1  CAT  AND  CAMEL EXERCISE :-
It  is  best  exercises  for  back  pain .It improves  the  mobility  of spine  it  activates the  back  muscles. 

PROCEDURE:- 

  • Lie  in  prone  lying  position  .
  • Make   a  tabletop  position   with  shoulder  over  wrist  and  Hip  over  knees.
  • Distribute  weight  equally   through   hands and legs.
  • Point  fingertips  to  top of  mat.
  • Place  shine and knees  hip width  apart .
  • Center  your   head  in  a neutral  position.
  • FOR  COW  OR  CAMEL  POSE:- 
  • Inhale  and  drop  your  belly  towards   mat  .
  • Lift  your  chin and  chest  and try to see  the  ceiling.

     FOR  CAT  POSE:-
  • Exhale and   drow your  belly  to spine  and  round   your  back  towards  the  ceiling  .
  • Drop your  head  towards   floor  and  try to  see your   knees. 
DURATION:-Repeat  15  to  20 times .
                        Perform   2to 3 times in a day.

PRECAUTIONS :- 
Wrist  and  shoulder  pain patient .
Knee  pain patient .
Pregnant  women. 

2.  COBRA  POSE  OR  BHUJANGASAN:-
It  is also an important  and beneficial  pose  for  back  patients. 
It  strength  the  core  muscles  ,scapular  and  back  muscles.  
It  nurishes  the  internal  organs also.
It best pose  for  decrease belly  fat.

PROCEDURE:-  
     •Lie  in prone  lying  position.
      •Place palm  under  shoulder. 
  • Thigh  ,leg  and  back  of foot  should  rest on  ground. 
  • Push the ground  and lift the chest.
  • Arch  the  back  until  the  arms  are  strengthen. And   try to  see  the  ceiling. 
PRECAUTIONS :- Pregrant  women  should avoid  this.
                                  Patient  with recent  abdominal  surgery  should avorder this.
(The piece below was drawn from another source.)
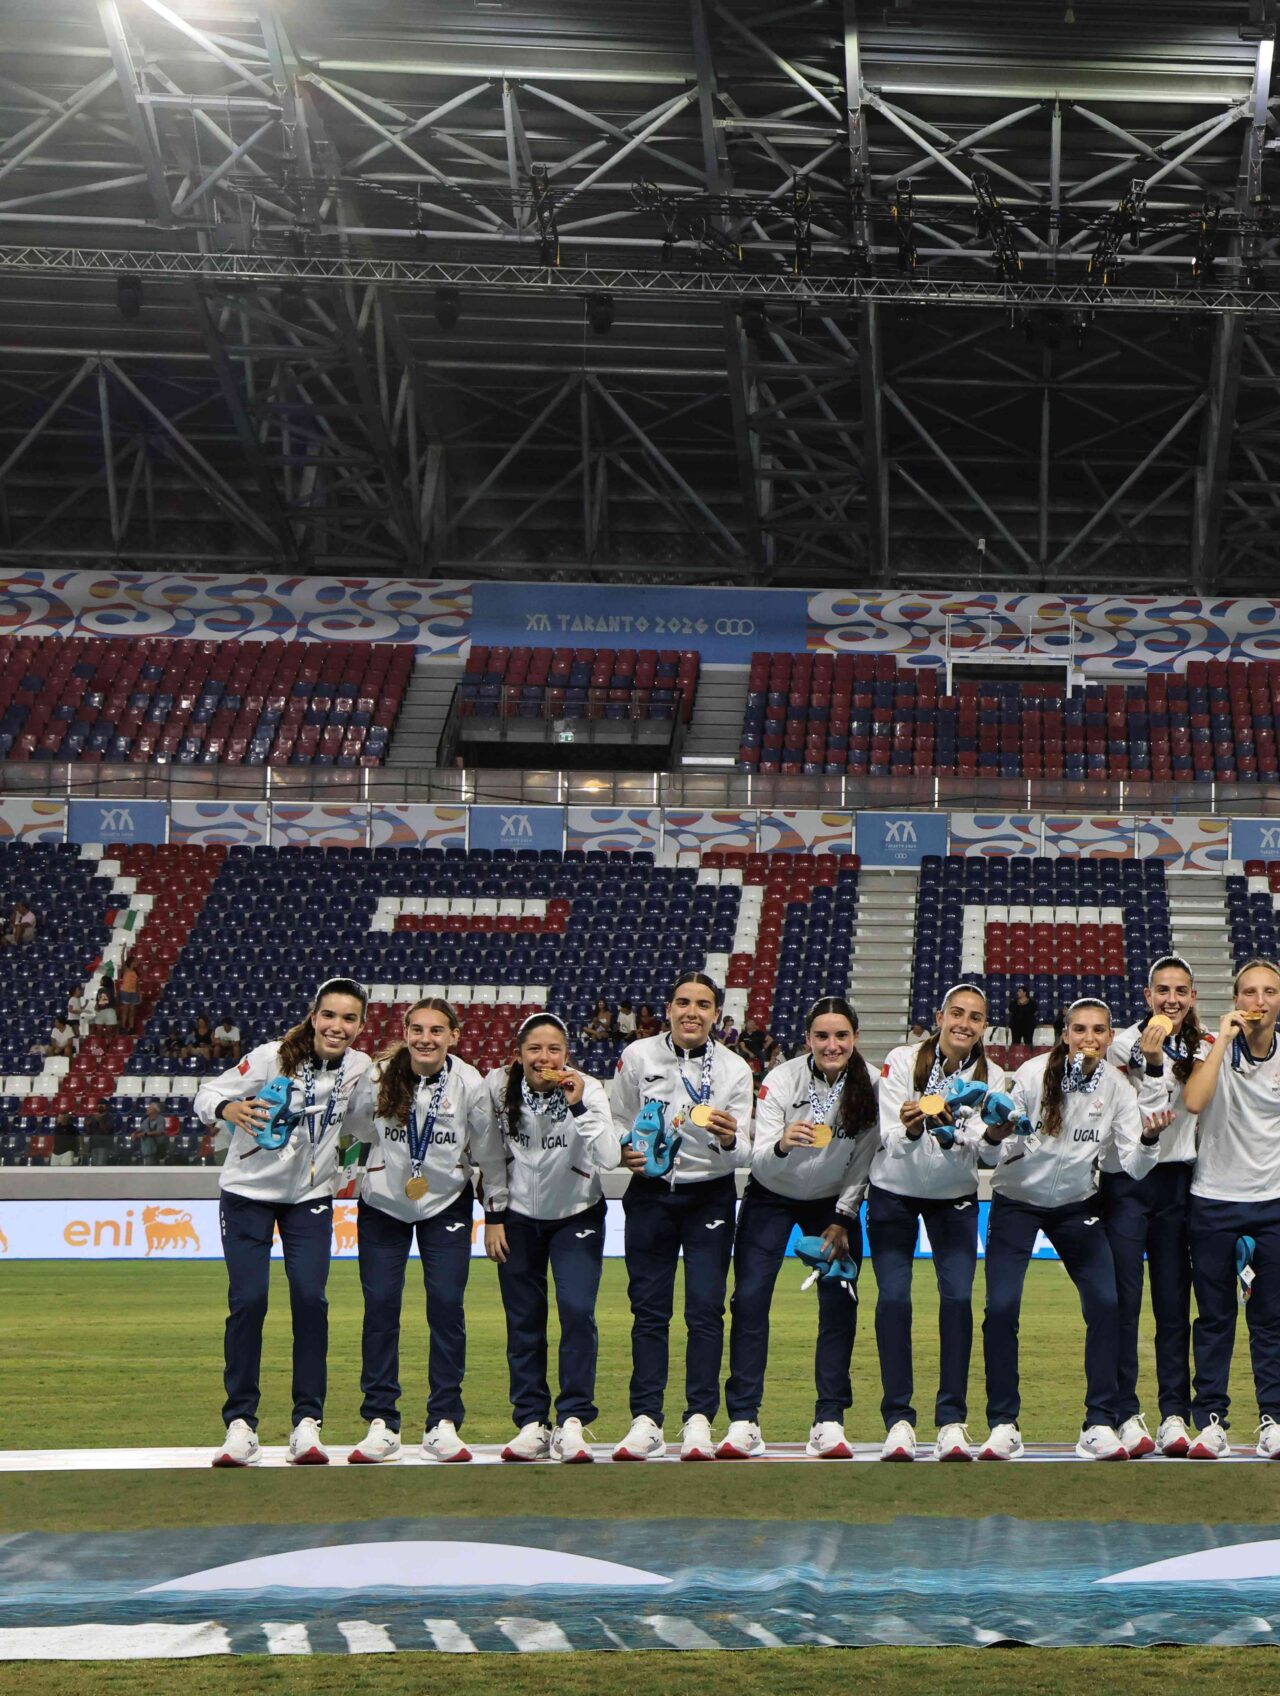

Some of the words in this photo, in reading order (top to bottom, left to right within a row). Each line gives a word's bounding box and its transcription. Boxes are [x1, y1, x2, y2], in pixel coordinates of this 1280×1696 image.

DURATION:-Repeat 10  to 15 time  in one session .
                          Repeat  2 to 3 times in a day.

3  BRIDGING  EXERCISE :-   
It  is most beneficial  exercises  not only for  back  pain but  also for hip  pain ,core stability  and  also  for balance.

PROCEDURE :-  
  • Lie  down  with  back  .
  • Keep knee  in  full  flexion .
  • Keep  both  hands  slight apart from  buttocks  on  ground .
  • Keep foot  flat on  ground. 
  • Lift  the  hip off from floor  toward  ceiling.
  • Hold  the  position for 20  to 30  second. 
REPEAT  the  exercise  for 10 to 15 times .
Repeat  it for  2 to 3 times in a day
PRECAUTIONS :- 1.  In  last stage  of  pregnancy  .
                             2.   Any recent   history  of   abdominal  surgery.
3. Any  injury  to hip knee  and ankle

4  SUPINE  TWIST  STRETCH :-
It  is also  an  important  exercise   it  stretches  the back muscles   so important  for pain relief. 

PROCEDURE :-


  • Lie  on  back   with  knees  bent  and  feet  flat   on ground. 
  • Keep  back  flat  on   floor.
  • Keep  both hands  under head.
  • Rotate  hip  to left  lowering   legs  down to  floor   until   a  gentle  stretch   is felt.
  • Rotate the  neck  in opposit  side.
  • Hold  the  position  for  15 to 20  seconds. 
  • Perform this  also  for opposite  side.
  • REPEAT  This  for 10 to  20  times.